The judgment by the Hon’ble court recognised a straightforward principle, that the service charge is voluntary, and it cannot be a legal obligation on the part of customers. Moreover, restaurants cannot sneak the service charge in bills under any other head or make it appear mandatory by default. It is important to note that the court, while giving this judgment, explained the term ‘service charge’ and pointed out that many consumers get confused between “service charge” and taxes like GST, invariably burdening the customer. Therefore, fines are to be imposed on the restaurants having such a practice.

The restaurant industry, led by the National Restaurant Association of India (NRAI) and the Federation of Hotel and Restaurant Associations of India (FHRAI), invariably challenged these Guidelines before the court, arguing that service charges imposed by restaurants were a long-standing industry practice, and that the Guidelines laid down by the court lacked statutory force. Considering all this, an interim stay was granted in the year 2022, allowing restaurants to continue levying service charges while the matter was pending.

The primary question before the court was whether the automatic levy of service charges amounts to an “unfair trade practice”under the CPA, 2019 or not. The Act invariably defines an unfair trade practice as one that adopts deceptive methods, including misrepresentation of price, and also recognises “unfair contracts” that impose unreasonable charges on consumers. The CCPA is empowered under Section 18 of the Act to prevent such practices and issue binding guidelines.

The Court recognised that mandatory service falls within the ambit of unfair trade practices. It was observed that advertising menu prices while later adding a compulsory service charge on the bill,  materially misled consumers about the true price payable by them. Once a meal is consumed, the diner has no real bargaining power, and a printed service charge on the bill operates as a forced condition rather than a negotiated term. The Court in this case emphasised that a tip or any form of gratuity must be a voluntary expression of satisfaction, not an automatic levy. Imposing a compulsory service charge affects pricing transparency and also undermines consumer choice.

As per Article 19(1)(g) of the constitution there is a freedom to trade, the Court invariably held that the restriction was reasonable under Article 19(6). Restaurants can fix their menu prices as per their standards and factor in service, but what is prohibited is the imposition of an unnegotiated service charge. The Court clarified that business freedom does not extend to practices that mislead consumers or undermine fair trade in any sense. Emphasising consumer welfare as a matter of public interest, the Court said that such rights cannot be overridden by commercial practice. The petitioners’ claim that service charges benefit employee welfare was also rejected.

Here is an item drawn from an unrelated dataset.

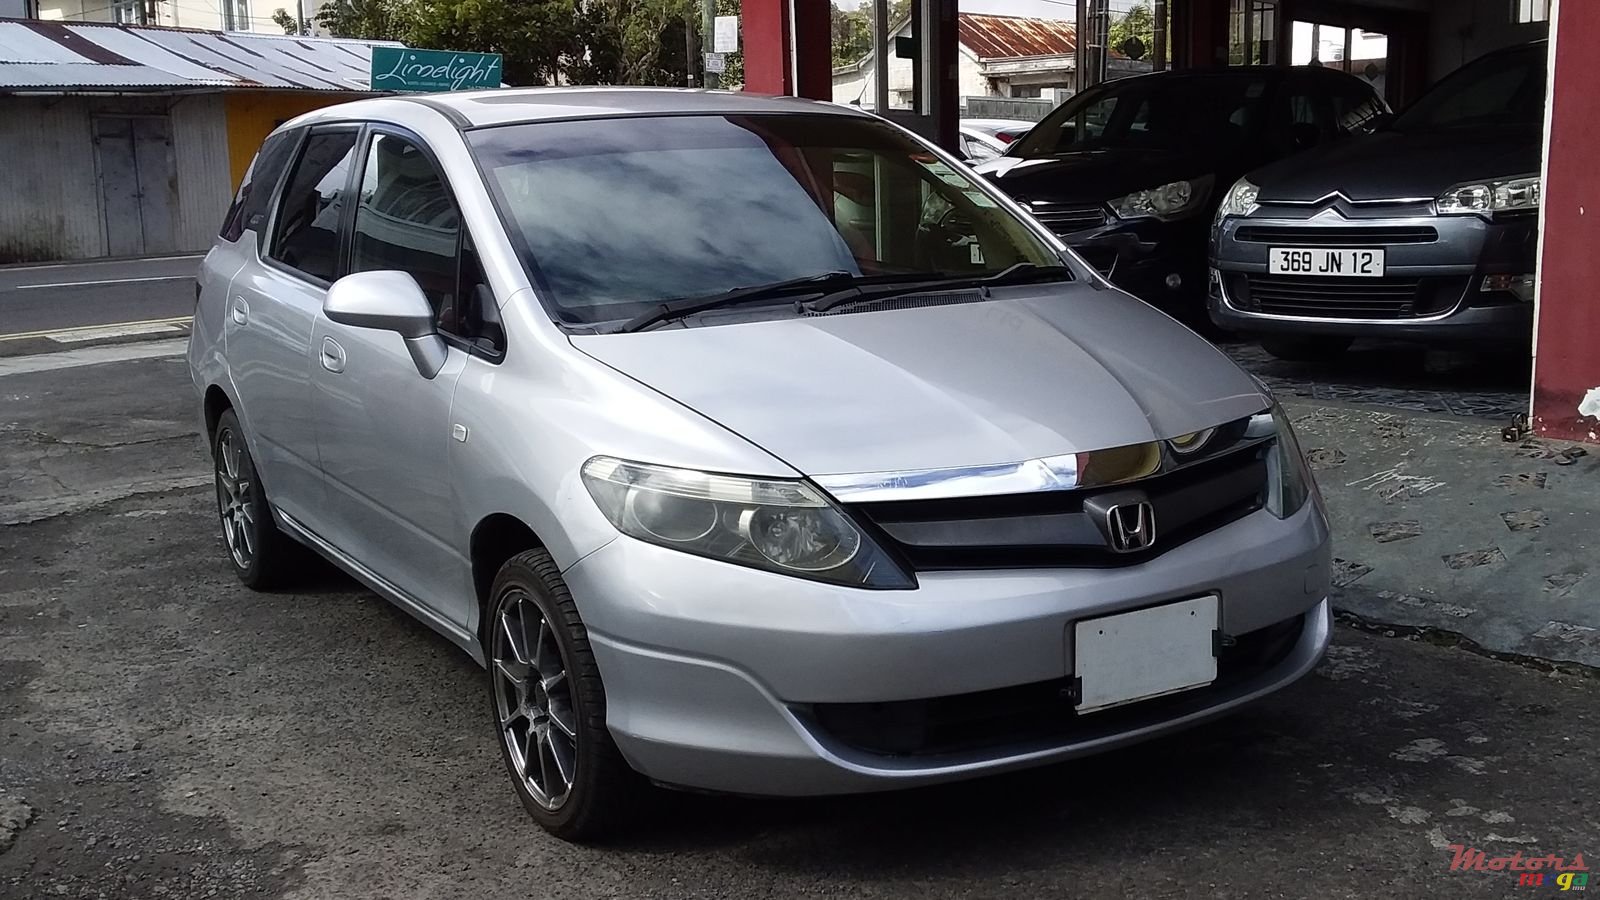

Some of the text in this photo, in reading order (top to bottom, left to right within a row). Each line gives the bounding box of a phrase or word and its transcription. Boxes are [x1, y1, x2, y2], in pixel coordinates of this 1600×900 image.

The Court noted that globally mandatory service charges are not a universal norm. In the UK, service charges remain a voluntary practice. When it comes to the US, tipping is culturally encouraged but a voluntary practice. Several European countries, such as France and Switzerland, also charge for services that are to be included in menu prices, ensuring transparency to the customers.

The Court’s decision marks a significant advancement in consumer protection lawsin India. While recognising the need for staff welfare in the hospitality sector, the court affirmed that such concerns must be addressed through proper regulation rather than going forward with coercive consumer practices. Thereby, the judgment reinforces transparency, voluntariness, and fairness in the consumer law, while also recognising the need for employee welfare in the F&B sector.